“I never think of the future. It comes soon enough.” - Albert Einstein
Above you see listed the only thing I can claim to have in common with Albert Einstein. I have never been a future-focused person. Rather, I should say I'm not a long-term-future-focused person. I can't ever remember setting goals either as a child or as an adult. It's hell for me every year at my job review to come up with tasks I plan to complete in the next year, simply because I feel more comfortable floating along day to day, keeping things moving.
I'm not proud of this...it can make it difficult for me to carry an information services "vision"...but it also means a lot less stress when it comes to self-examination. Am I where I thought I'd be when I graduated from college? Uh, sure. I had no idea where I'd end up, so this is just fine with me.
It also makes interacting with my baby daughter a bit more natural -- not to say easy -- than I'd guessed. J lives moment to moment, and doesn't even remember stuff as it happens (at least, that's my rudimentary understanding of her little synapses thus far). How beautiful! Every emotion she experiences is very pure and all-encompassing, and then it dissipates to be replaced by another.

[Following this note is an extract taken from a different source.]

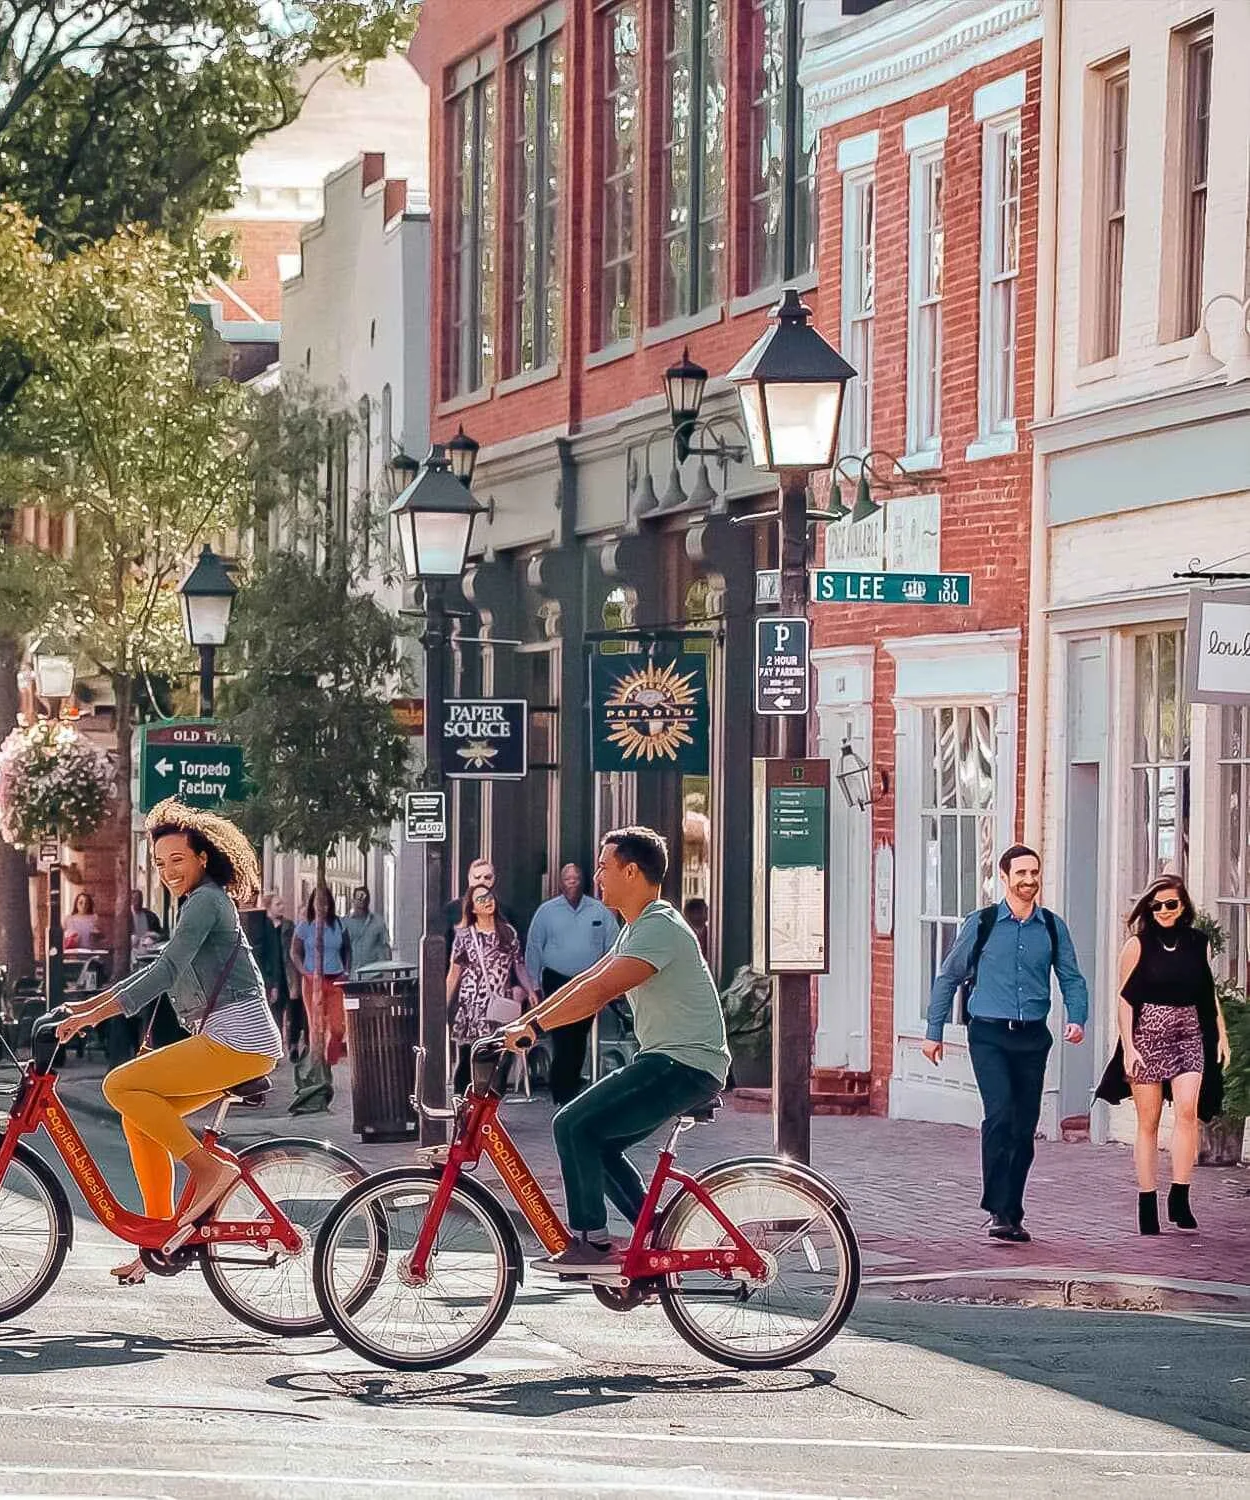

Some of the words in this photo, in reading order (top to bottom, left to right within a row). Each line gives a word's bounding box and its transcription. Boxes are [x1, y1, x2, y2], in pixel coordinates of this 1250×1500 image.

Coupled with this tendency of mine, though, is an odd and contradictory behavior that often leads to utter paralysis. I am always waiting impatiently for things to end. As a youth, when we'd go on vacation, I'd be heavily concentrating on when the vacation was going to end. It didn't make me sad, or happy...I just thought about it. When I entered a party, I'd only be thinking of when I could leave, even if I was having fun. That sense of desired escape was underlying everything I did. It tore me away from the moment and prevented me -- prevents me -- from being fully present or engaged. It paralyzed me.
In a way I think it still does. I think about the end of my job, my time in Portland, my life. (None of those is forthcoming, I truly hope.) But the rub is that I never plan for that time, or even imagine what it might be like. I just envision myself in that moment. And so I am cheated out of the moments in front of and around me. I spin and I twist.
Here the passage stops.